BEGIN
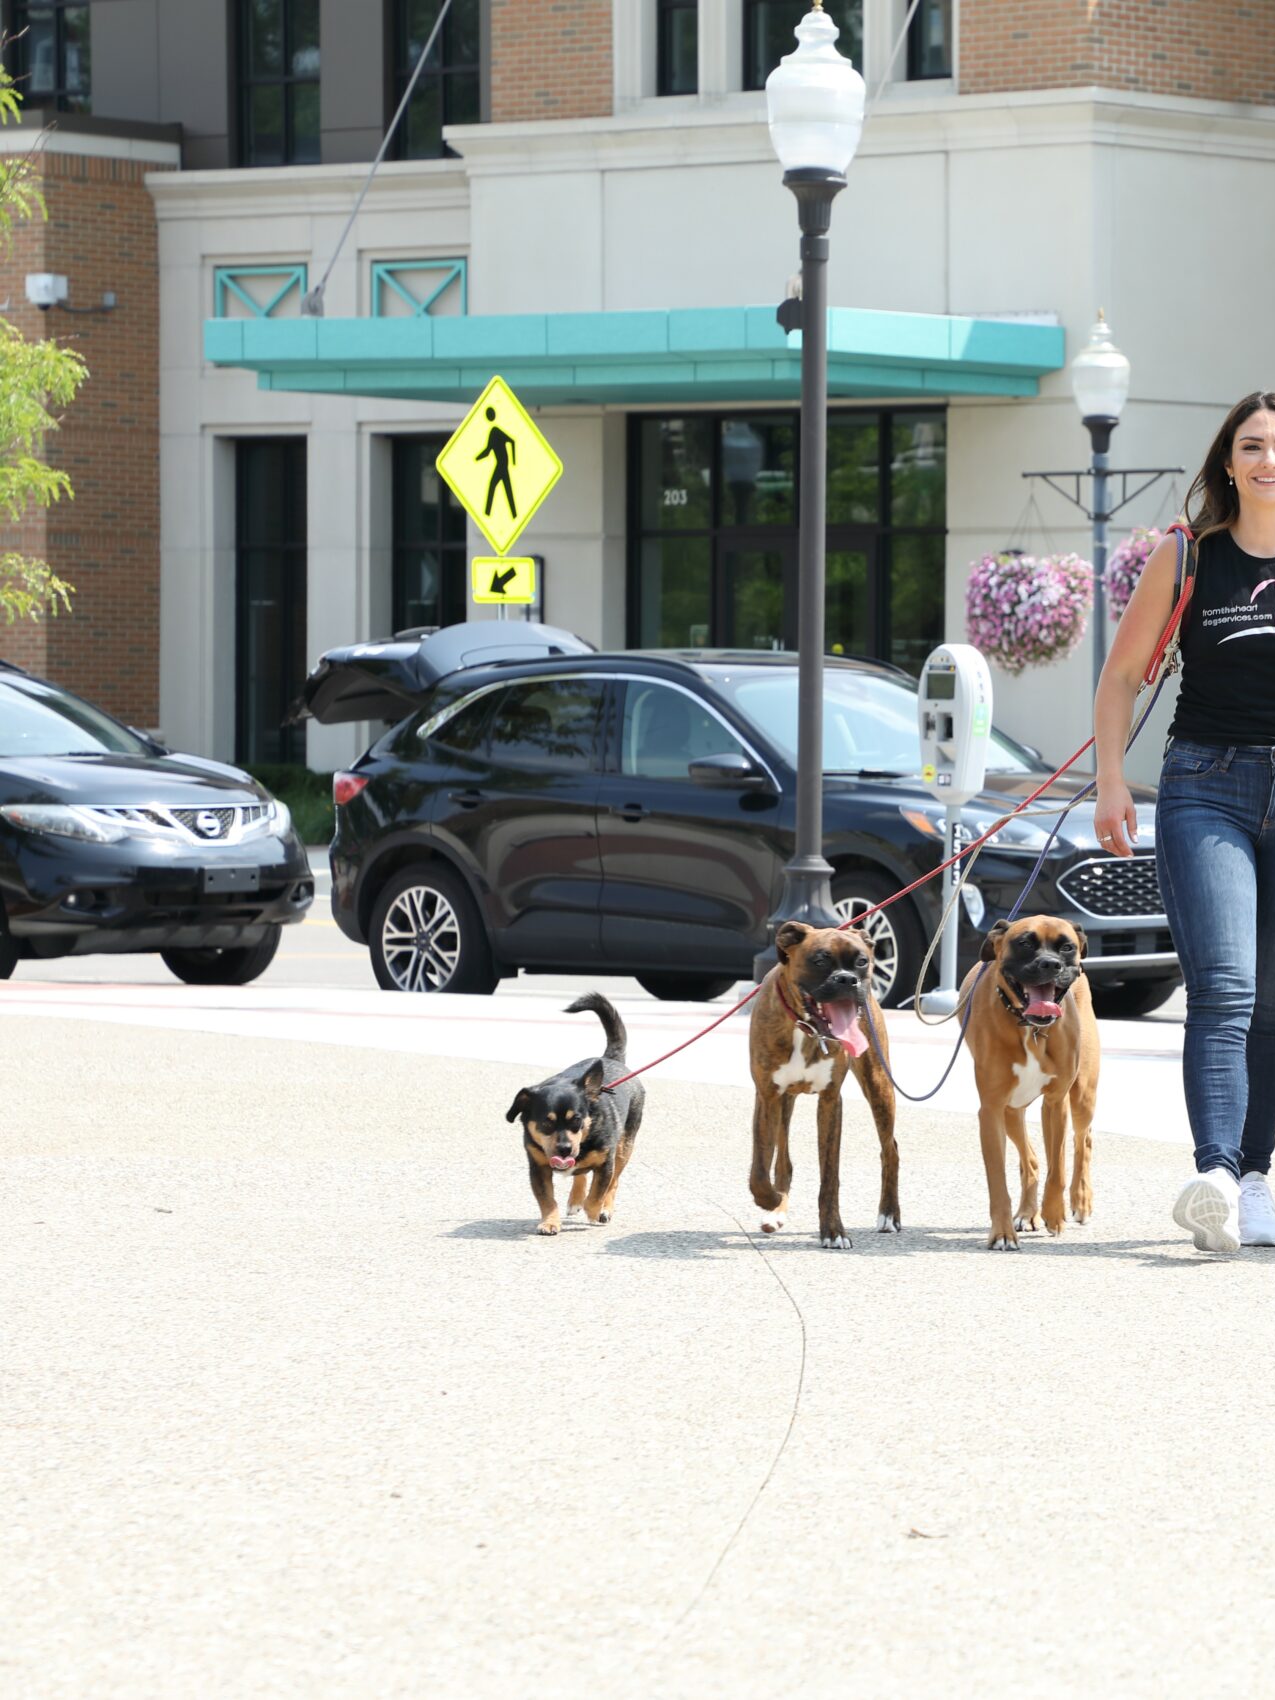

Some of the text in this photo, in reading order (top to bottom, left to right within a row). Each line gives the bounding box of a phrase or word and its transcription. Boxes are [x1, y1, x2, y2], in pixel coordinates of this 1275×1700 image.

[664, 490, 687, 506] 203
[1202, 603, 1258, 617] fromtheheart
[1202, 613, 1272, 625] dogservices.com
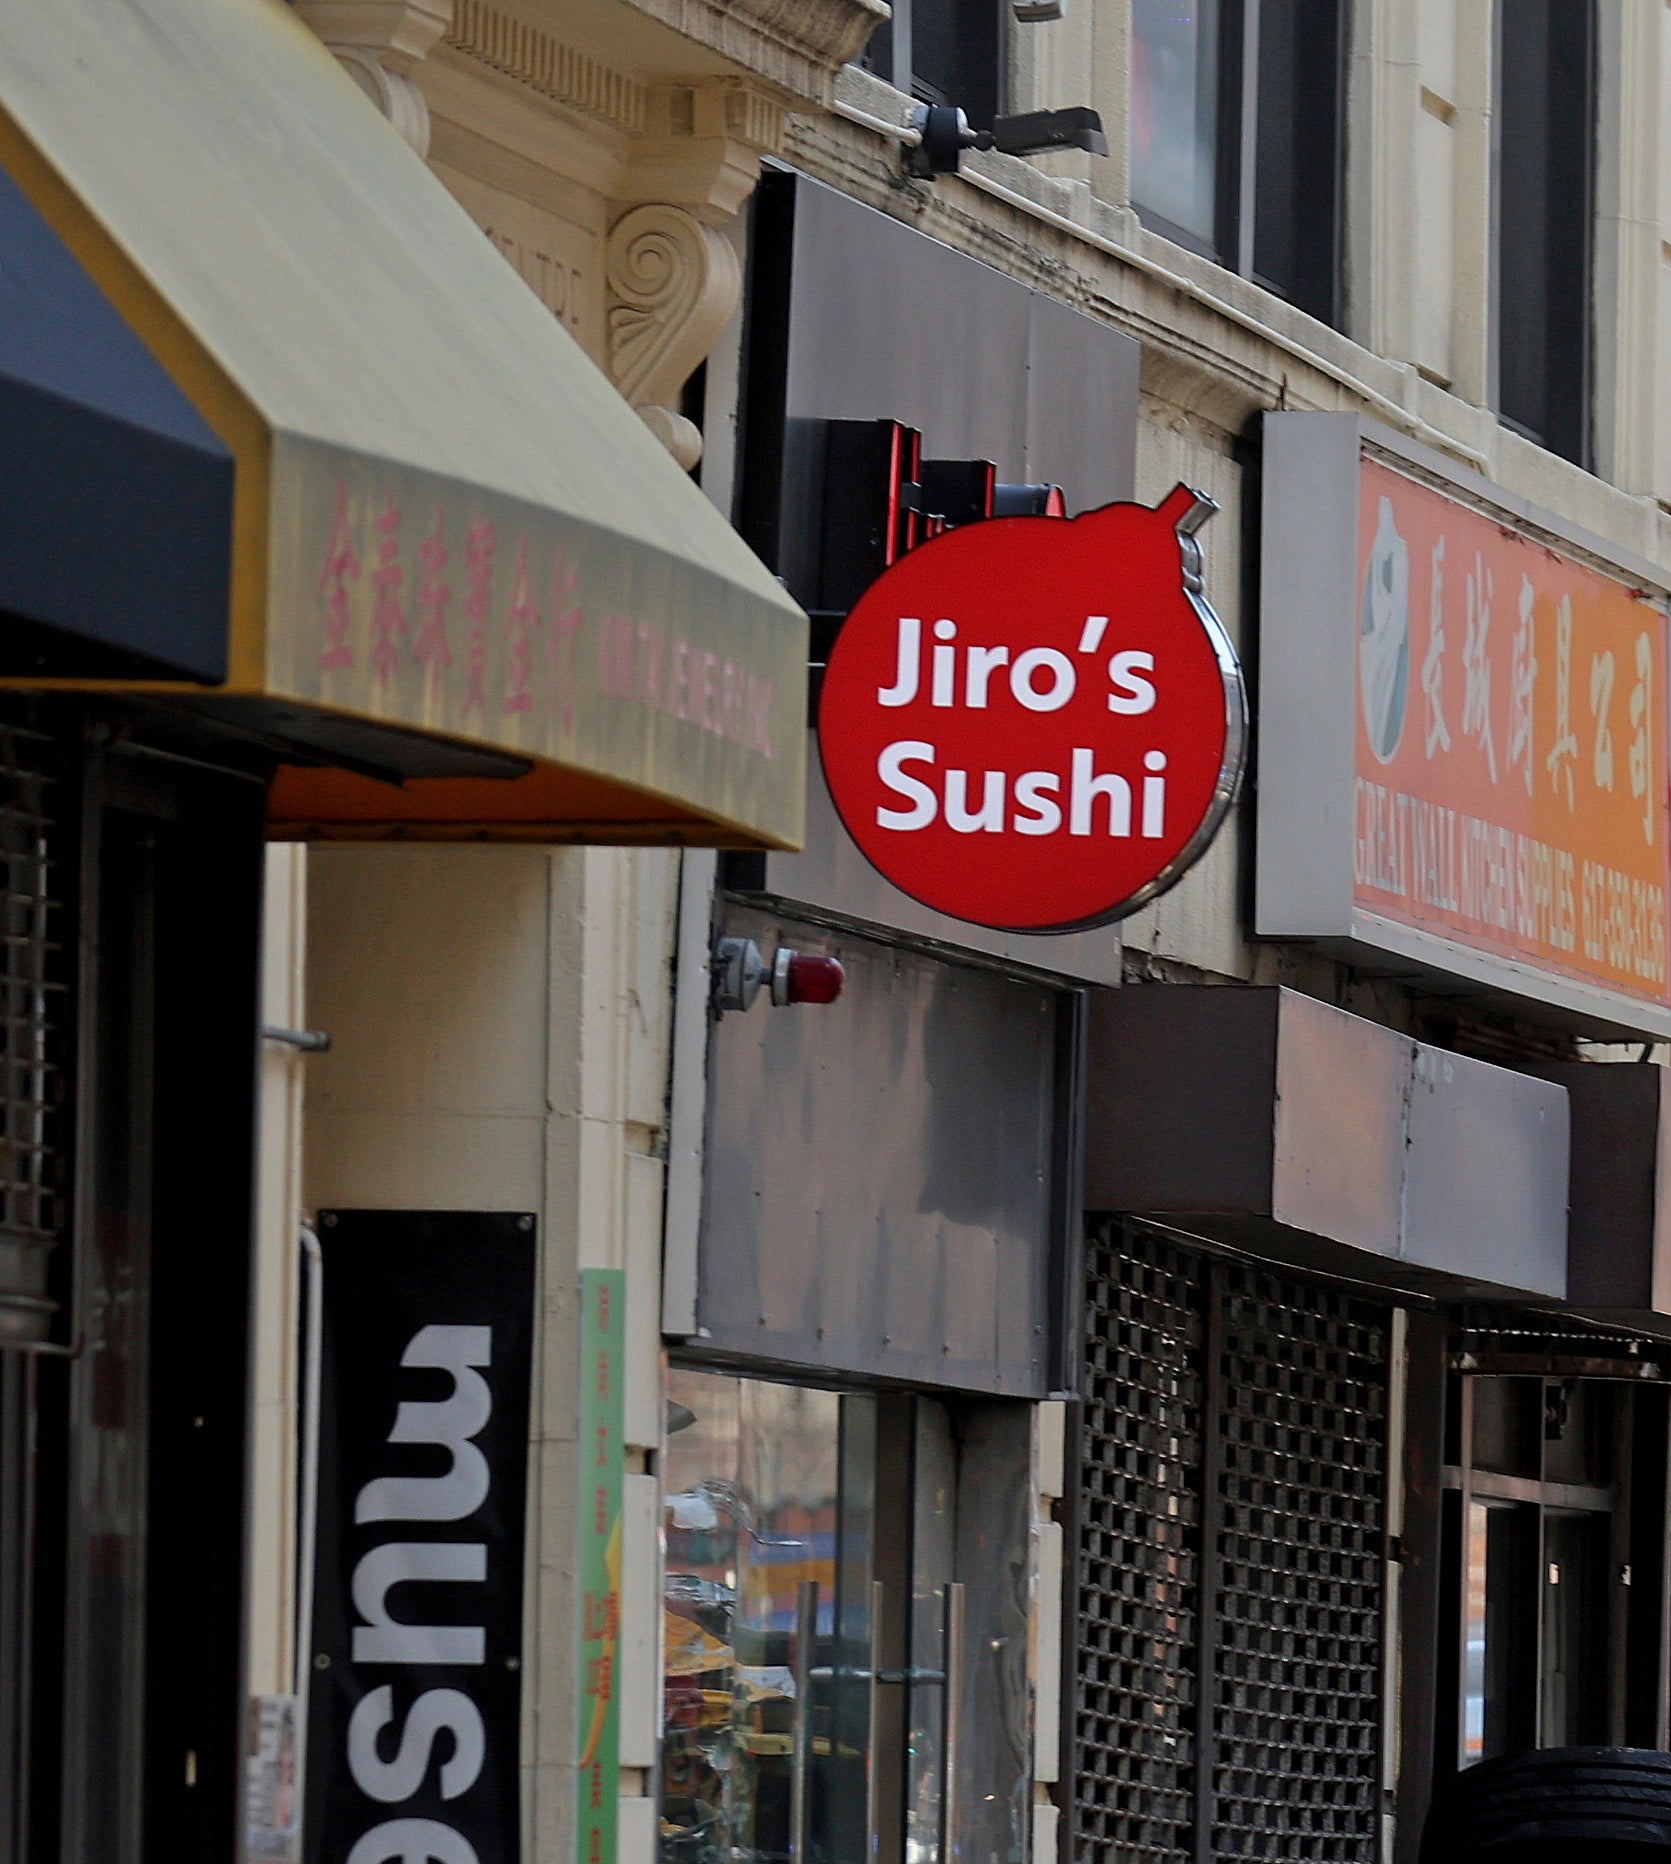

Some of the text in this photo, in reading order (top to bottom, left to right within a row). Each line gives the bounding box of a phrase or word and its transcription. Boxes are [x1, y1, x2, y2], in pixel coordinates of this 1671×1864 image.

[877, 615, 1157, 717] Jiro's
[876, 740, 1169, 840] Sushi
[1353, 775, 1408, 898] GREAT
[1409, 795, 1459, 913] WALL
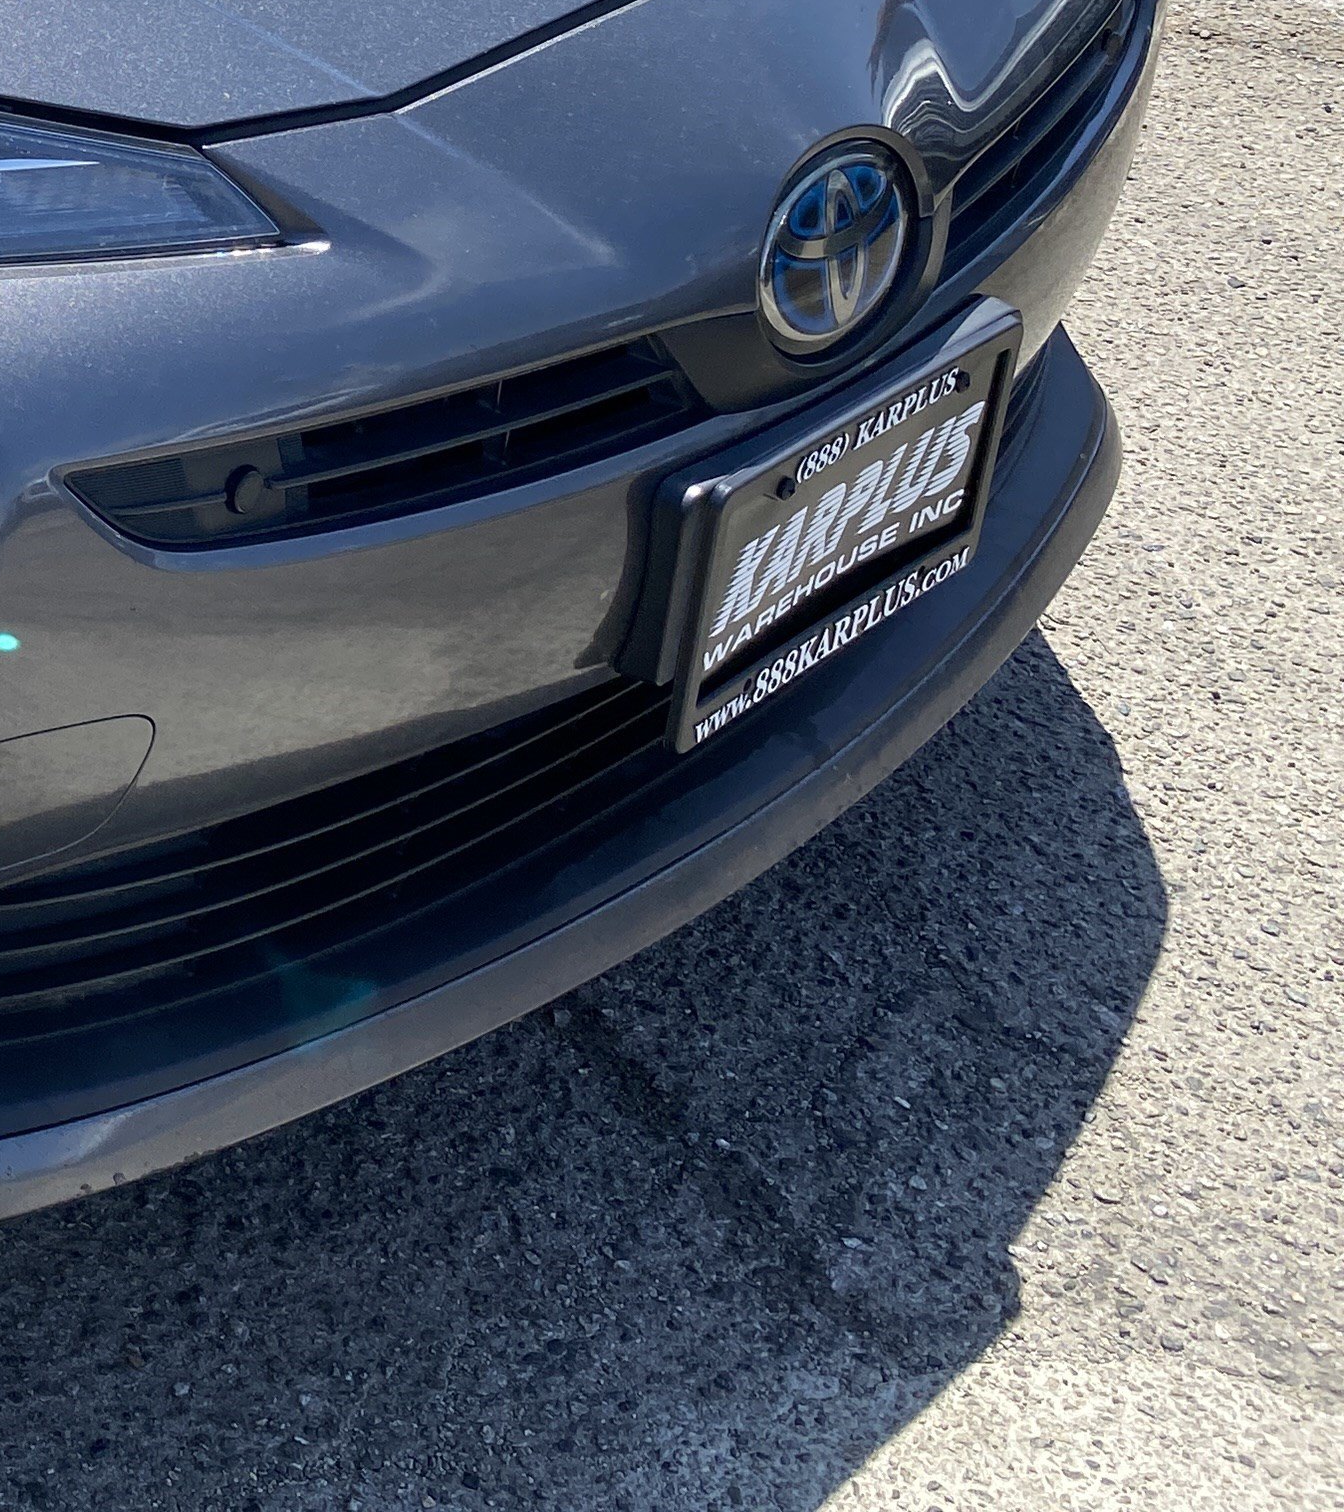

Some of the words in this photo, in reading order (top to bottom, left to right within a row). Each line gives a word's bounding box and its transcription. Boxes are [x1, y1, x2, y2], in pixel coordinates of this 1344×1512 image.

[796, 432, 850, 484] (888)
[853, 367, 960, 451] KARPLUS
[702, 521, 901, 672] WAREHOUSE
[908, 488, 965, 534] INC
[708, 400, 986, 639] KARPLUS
END
WHAT IS NEEDED >> Copy out every entry above, character for character, excluding pictures.

ANSWER BOX >>
Some of the text in this photo, in reading order (top to bottom, left to right within a row). Each line gives the bounding box of a phrase or word and its transcription. Boxes are [x1, y1, x2, y2], in pixel coordinates of this 1275×1700 image.

[664, 490, 687, 506] 203
[1202, 603, 1258, 617] fromtheheart
[1202, 613, 1272, 625] dogservices.com

Some of the text in this photo, in reading order (top to bottom, left to right within a row). Each line gives the bounding box of a phrase or word and its transcription. Boxes are [x1, y1, x2, y2], in pixel coordinates of this 1671×1864 image.

[877, 615, 1157, 717] Jiro's
[876, 740, 1169, 840] Sushi
[1353, 775, 1408, 898] GREAT
[1409, 795, 1459, 913] WALL

Some of the words in this photo, in reading order (top to bottom, left to right within a row). Each line gives a word's bounding box and its transcription. Boxes are [x1, y1, x2, y2], in pixel coordinates of this 1344×1512 image.

[796, 432, 850, 484] (888)
[853, 367, 960, 451] KARPLUS
[702, 521, 901, 672] WAREHOUSE
[908, 488, 965, 534] INC
[708, 400, 986, 639] KARPLUS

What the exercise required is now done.